▶ **RECORDS FOR THE TASK**:
----------
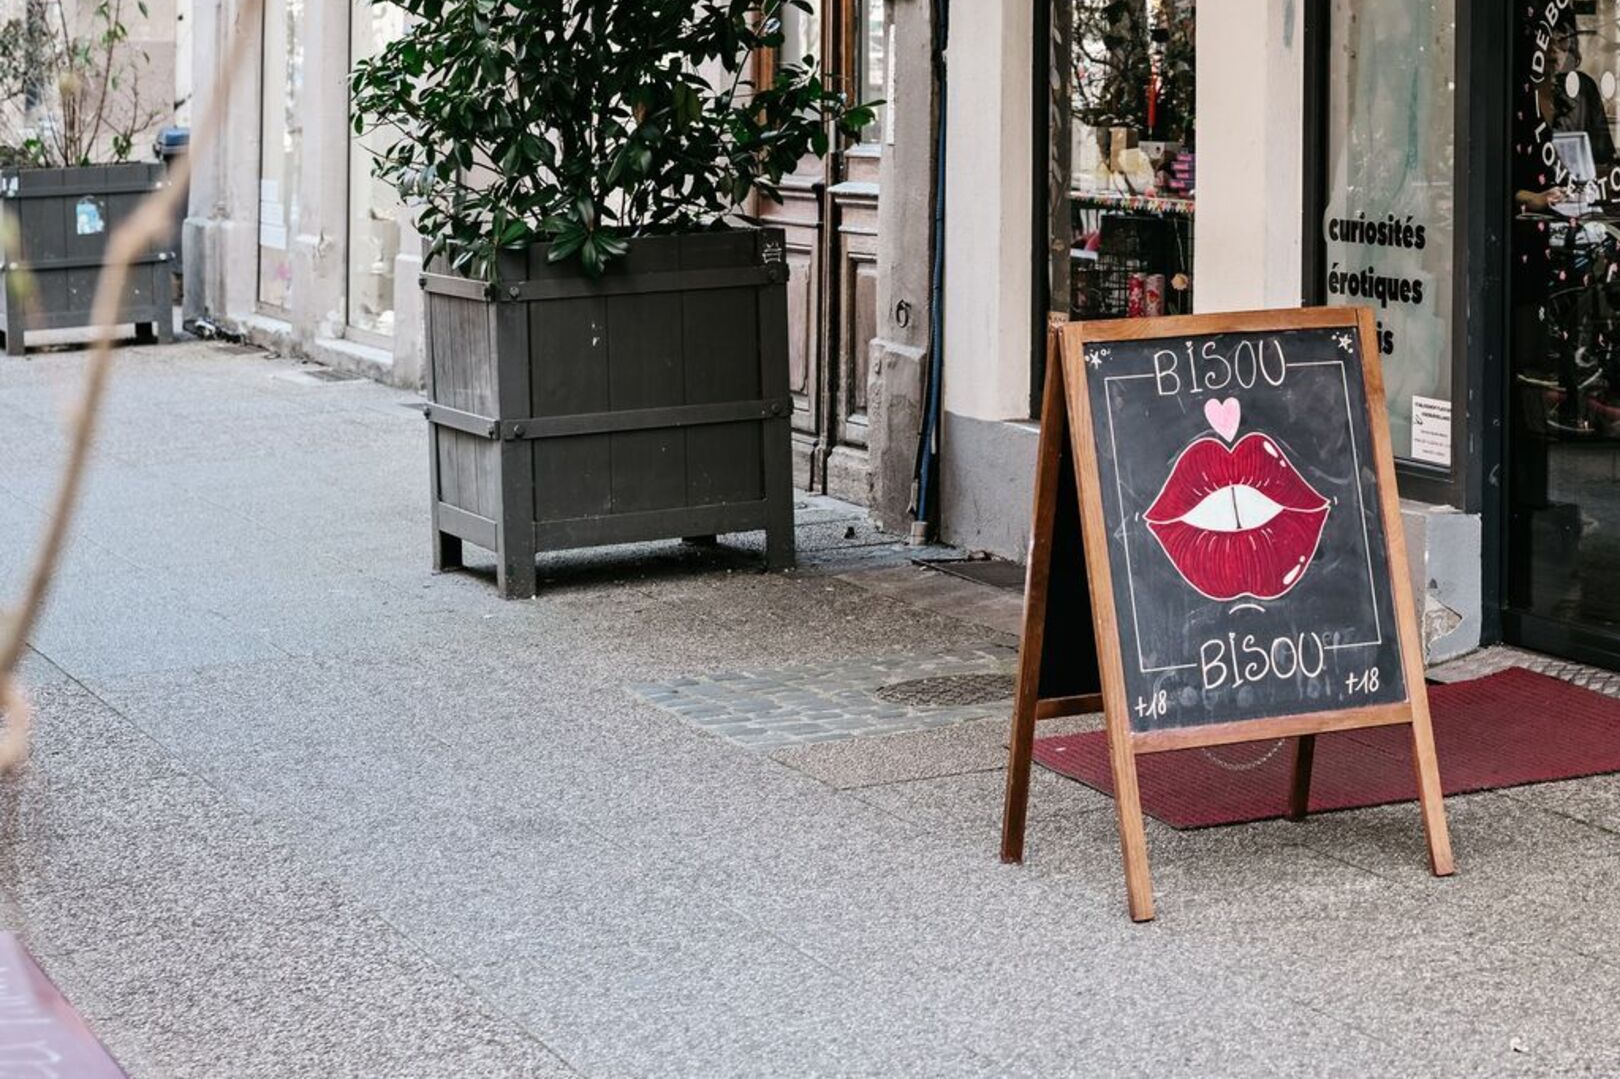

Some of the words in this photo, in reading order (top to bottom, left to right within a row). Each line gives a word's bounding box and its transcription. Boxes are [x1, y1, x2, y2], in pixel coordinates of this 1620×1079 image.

[1535, 121, 1577, 198] LOVE
[1328, 211, 1426, 250] curiosités
[1328, 262, 1423, 309] érotiques
[1153, 339, 1287, 396] BISOU
[1200, 631, 1325, 690] BISOU
[1345, 667, 1380, 696] +18
[1135, 690, 1168, 719] +18
----------
▶ **ASSIGNMENT**:
Every line above should be returned word for word, with the pictures left behind.

▶ **SOLUTION TO THIS EXERCISE**:
Some of the words in this photo, in reading order (top to bottom, left to right within a row). Each line gives a word's bounding box and its transcription. Boxes are [x1, y1, x2, y2], in pixel coordinates of this 1620×1079 image.

[1535, 121, 1577, 198] LOVE
[1328, 211, 1426, 250] curiosités
[1328, 262, 1423, 309] érotiques
[1153, 339, 1287, 396] BISOU
[1200, 631, 1325, 690] BISOU
[1345, 667, 1380, 696] +18
[1135, 690, 1168, 719] +18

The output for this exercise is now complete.